The carbon cycle is key to life, since carbon is an essential component of organic molecules. Organisms, through photosynthesis , respiration, and decomposition , play a vital role in this cycle. Plants, for example, absorb carbon dioxide to produce energy, establishing a niche of primary producers that is exploited by herbivores and carnivores.
The nitrogen cycle is equally crucial, as nitrogen is an essential nutrient for the formation of proteins and nucleic acids. Through processes such as nitrogen fixation by bacteria, this element is converted into forms usable by plants, which are then consumed by other organisms. The availability of nitrogen in an ecosystem affects the niches of various plant species and, consequently, food webs.
The water cycle also plays an important role, regulating access to water, a vital resource for all organisms. The availability of water determines the ecological niches that can exist in different ecosystems, from deserts to tropical rainforests. Evaporation, condensation and precipitation are part of the cycle that distributes water and defines habitat zones and interactions between species.

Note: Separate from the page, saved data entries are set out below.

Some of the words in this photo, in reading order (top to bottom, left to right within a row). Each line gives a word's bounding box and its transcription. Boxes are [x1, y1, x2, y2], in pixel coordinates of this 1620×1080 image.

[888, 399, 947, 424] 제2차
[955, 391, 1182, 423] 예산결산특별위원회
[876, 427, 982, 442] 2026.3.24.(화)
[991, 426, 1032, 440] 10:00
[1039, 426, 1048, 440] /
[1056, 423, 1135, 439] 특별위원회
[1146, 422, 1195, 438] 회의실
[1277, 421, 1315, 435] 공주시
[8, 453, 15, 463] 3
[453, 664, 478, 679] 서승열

Predation consists of one organism hunting and consuming another.
Population dynamics and ecological interactions
A biological population is a group of individuals of the same species that live in the same area and share an ecological niche. Population dynamics describe changes in size, density and structure of these populations over time, influenced by factors such as reproduction, mortality, immigration and emigration. Furthermore, ecological interactions play a critical role in how these populations occupy and maintain their niches.
Below we study some ecological interactions between different species within an ecosystem.
Predation
One organism (predator) hunts and consumes another (prey). This regulates both prey and predator populations, affecting the niches of both parties. For example, if the population of a predator decreases, the population of its prey can grow, altering the structure of the ecosystem.
Mutualism
A relationship in which both species benefit. A classic example is the relationship between plants and pollinators: plants obtain pollination while pollinators obtain food, sharing interdependent niches. Within mutualism , there is symbiosis , a close and prolonged relationship between species, which can be beneficial, neutral or harmful.
Parasitism
A form of symbiosis in which one organism (the parasite) benefits at the expense of another (the host), causing harm to it without immediately killing it. This type of interaction affects the health and survival of host populations, altering their niches and ecosystem dynamics.
Commensalism
An interaction in which one species benefits while the other is neither positively nor negatively affected. An example is when certain birds build their nests in trees, benefiting from the shelter without harming or benefiting the tree.